There is, at this time, less support for capitalizing white. White people generally do not share the same history and culture, or the experience of being discriminated against because of skin color. In addition, we are a global news organization and in much of the world there is considerable disagreement, ambiguity and confusion about whom the term includes.
We agree that white people’s skin color plays into systemic inequalities and injustices, and we want our journalism to robustly explore those problems. But capitalizing the term white, as is done by white supremacists, risks subtly conveying legitimacy to such beliefs.
These arguments seem persuasive to me and I will follow suit, except when out of force of habit I forget to do so.

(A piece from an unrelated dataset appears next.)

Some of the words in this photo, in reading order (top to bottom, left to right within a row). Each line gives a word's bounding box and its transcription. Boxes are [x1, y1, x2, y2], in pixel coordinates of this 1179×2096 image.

There is a legacy of racist thinking implicit in the way “white” tends to be thought of as a racial signifier. At least in the US. Often it’s so implicit that it flies under the radar. The implicit assumption tends to be that “white” is an absence of race, whereas anything else shows that race is present. “White” people are seen as some kind of unspoiled norm, whereas other ethnicities have an additional factor present -- race -- that white people don’t have.
I think this was most powerfully brought home to me when someone pointed out the case of Barack Obama. Now, it is entirely uncontroversial and normal to refer to Obama as “the first Black US President”. But nobody would call him “one of a long line of white US Presidents”. Except… Barack Obama is the child of mixed-race parents. His mother is white, his father Black by most reckonings. But as a mixed-race individual he is universally accepted to have claim to a Black identity, not to a White one. People almost never even call him “mixed-race” or “half Black”, much less “half White”. One ethnic minority parent is enough to revoke any claim he has to whiteness, but not the other way around.

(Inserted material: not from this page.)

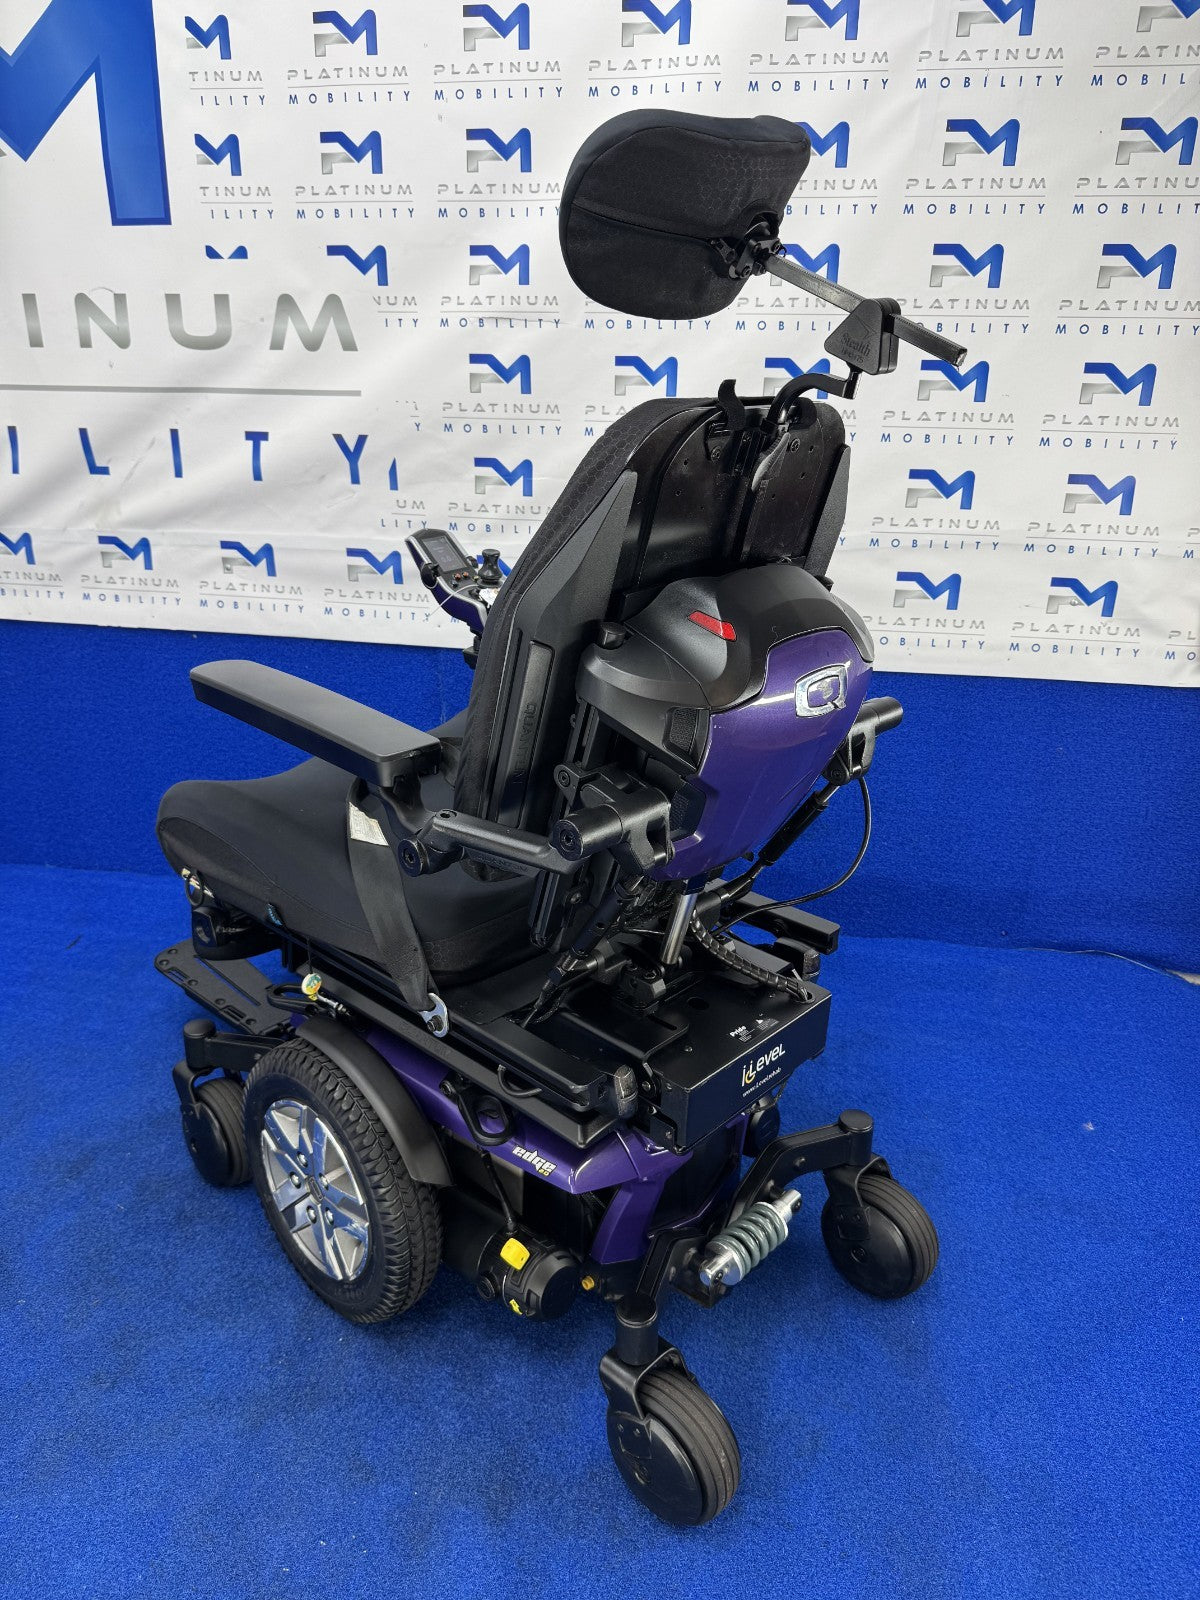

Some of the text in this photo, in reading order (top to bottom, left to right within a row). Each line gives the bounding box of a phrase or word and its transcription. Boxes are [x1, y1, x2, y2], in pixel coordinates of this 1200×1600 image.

Which is exactly the kind of thinking, of course, that leads to vile racist nonsense like the idea that ethnic minorities are “outbreeding” white people. That Blackness or Asianness or whatever can spread and expand, while Whiteness will be polluted and overcome if careful, racist, steps are not taken. I wonder how these kinds of decisions on capitalisation fit in with that?
I’ll keep on not capitalizing anything, because I think it silly. That includes communists, atheists, muslims and christians.
Me being Dutch I avoid “b***k” anyhow (whether capitalized or not) because the literal Dutch translation (“zwart”) is a grave insult when used for people. So I prefer Afro-American, Afro-Dutch etc. In Suriname it’s even easier; the people from African descent perfectly know themselves how they want to be called. And they don’t care whether being capitalized or not.
I have to disagree. My dad was white and my mother Mexican American. Both my sister and I are generally considered white.
Indeed my sister is paler than me, has freckles, and sunburns without tanning afterwards. I burn but then tan. Mom generally didn’t sunburn.
John Morales says
That’s both silly (not every black person is African) and contradictory (you do capitalise).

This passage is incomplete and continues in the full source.